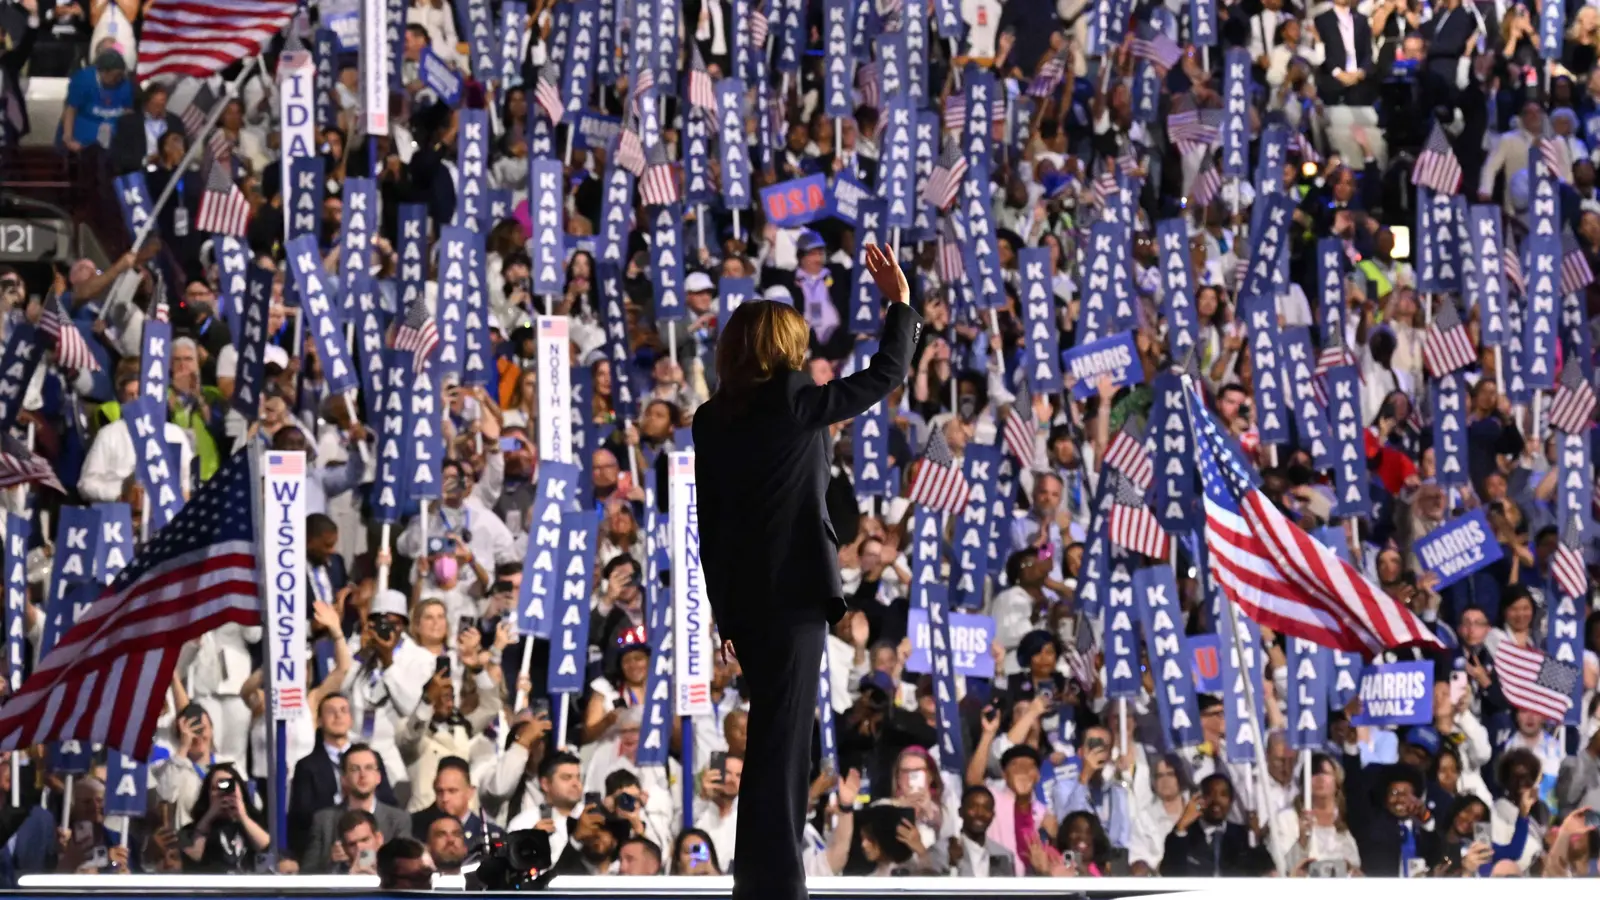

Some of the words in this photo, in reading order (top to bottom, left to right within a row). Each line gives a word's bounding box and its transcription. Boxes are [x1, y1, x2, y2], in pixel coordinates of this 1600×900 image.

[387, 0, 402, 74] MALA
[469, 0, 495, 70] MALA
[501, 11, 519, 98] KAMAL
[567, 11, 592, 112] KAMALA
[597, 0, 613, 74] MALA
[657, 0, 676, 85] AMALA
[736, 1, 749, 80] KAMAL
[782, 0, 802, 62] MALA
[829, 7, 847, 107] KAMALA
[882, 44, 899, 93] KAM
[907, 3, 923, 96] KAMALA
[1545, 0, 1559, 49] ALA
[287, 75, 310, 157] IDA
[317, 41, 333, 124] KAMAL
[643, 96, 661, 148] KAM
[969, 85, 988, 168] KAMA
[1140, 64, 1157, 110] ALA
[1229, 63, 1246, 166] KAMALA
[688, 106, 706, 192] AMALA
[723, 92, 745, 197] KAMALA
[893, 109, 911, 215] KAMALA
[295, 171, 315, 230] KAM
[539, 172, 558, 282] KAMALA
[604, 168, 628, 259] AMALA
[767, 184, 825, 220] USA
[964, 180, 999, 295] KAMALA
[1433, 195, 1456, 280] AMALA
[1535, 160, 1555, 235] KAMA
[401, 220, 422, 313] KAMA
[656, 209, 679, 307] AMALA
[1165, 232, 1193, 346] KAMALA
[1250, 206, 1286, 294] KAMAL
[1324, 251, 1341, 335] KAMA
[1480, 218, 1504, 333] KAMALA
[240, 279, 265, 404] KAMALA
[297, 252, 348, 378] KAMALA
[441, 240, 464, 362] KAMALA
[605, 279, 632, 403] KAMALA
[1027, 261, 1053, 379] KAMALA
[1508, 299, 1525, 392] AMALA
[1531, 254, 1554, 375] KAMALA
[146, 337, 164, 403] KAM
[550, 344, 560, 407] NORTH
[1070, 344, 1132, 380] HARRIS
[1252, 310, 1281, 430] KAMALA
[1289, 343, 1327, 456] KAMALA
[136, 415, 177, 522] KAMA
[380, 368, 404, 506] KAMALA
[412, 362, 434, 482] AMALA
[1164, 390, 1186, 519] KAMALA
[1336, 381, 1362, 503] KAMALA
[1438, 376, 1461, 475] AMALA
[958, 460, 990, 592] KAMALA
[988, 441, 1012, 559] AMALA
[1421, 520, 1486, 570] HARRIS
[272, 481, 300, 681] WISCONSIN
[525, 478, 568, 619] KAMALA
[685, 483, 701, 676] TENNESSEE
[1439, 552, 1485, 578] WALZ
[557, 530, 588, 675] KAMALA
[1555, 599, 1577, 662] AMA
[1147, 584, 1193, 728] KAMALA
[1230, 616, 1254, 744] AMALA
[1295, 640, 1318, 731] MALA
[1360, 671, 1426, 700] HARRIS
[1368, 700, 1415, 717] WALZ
········
[What you need to do]: Write the listing above out again exactly, dropping each image.

[Written response]:
Some of the words in this photo, in reading order (top to bottom, left to right within a row). Each line gives a word's bounding box and its transcription. Boxes are [x1, y1, x2, y2], in pixel coordinates of this 1600×900 image.

[387, 0, 402, 74] MALA
[469, 0, 495, 70] MALA
[501, 11, 519, 98] KAMAL
[567, 11, 592, 112] KAMALA
[597, 0, 613, 74] MALA
[657, 0, 676, 85] AMALA
[736, 1, 749, 80] KAMAL
[782, 0, 802, 62] MALA
[829, 7, 847, 107] KAMALA
[882, 44, 899, 93] KAM
[907, 3, 923, 96] KAMALA
[1545, 0, 1559, 49] ALA
[287, 75, 310, 157] IDA
[317, 41, 333, 124] KAMAL
[643, 96, 661, 148] KAM
[969, 85, 988, 168] KAMA
[1140, 64, 1157, 110] ALA
[1229, 63, 1246, 166] KAMALA
[688, 106, 706, 192] AMALA
[723, 92, 745, 197] KAMALA
[893, 109, 911, 215] KAMALA
[295, 171, 315, 230] KAM
[539, 172, 558, 282] KAMALA
[604, 168, 628, 259] AMALA
[767, 184, 825, 220] USA
[964, 180, 999, 295] KAMALA
[1433, 195, 1456, 280] AMALA
[1535, 160, 1555, 235] KAMA
[401, 220, 422, 313] KAMA
[656, 209, 679, 307] AMALA
[1165, 232, 1193, 346] KAMALA
[1250, 206, 1286, 294] KAMAL
[1324, 251, 1341, 335] KAMA
[1480, 218, 1504, 333] KAMALA
[240, 279, 265, 404] KAMALA
[297, 252, 348, 378] KAMALA
[441, 240, 464, 362] KAMALA
[605, 279, 632, 403] KAMALA
[1027, 261, 1053, 379] KAMALA
[1508, 299, 1525, 392] AMALA
[1531, 254, 1554, 375] KAMALA
[146, 337, 164, 403] KAM
[550, 344, 560, 407] NORTH
[1070, 344, 1132, 380] HARRIS
[1252, 310, 1281, 430] KAMALA
[1289, 343, 1327, 456] KAMALA
[136, 415, 177, 522] KAMA
[380, 368, 404, 506] KAMALA
[412, 362, 434, 482] AMALA
[1164, 390, 1186, 519] KAMALA
[1336, 381, 1362, 503] KAMALA
[1438, 376, 1461, 475] AMALA
[958, 460, 990, 592] KAMALA
[988, 441, 1012, 559] AMALA
[1421, 520, 1486, 570] HARRIS
[272, 481, 300, 681] WISCONSIN
[525, 478, 568, 619] KAMALA
[685, 483, 701, 676] TENNESSEE
[1439, 552, 1485, 578] WALZ
[557, 530, 588, 675] KAMALA
[1555, 599, 1577, 662] AMA
[1147, 584, 1193, 728] KAMALA
[1230, 616, 1254, 744] AMALA
[1295, 640, 1318, 731] MALA
[1360, 671, 1426, 700] HARRIS
[1368, 700, 1415, 717] WALZ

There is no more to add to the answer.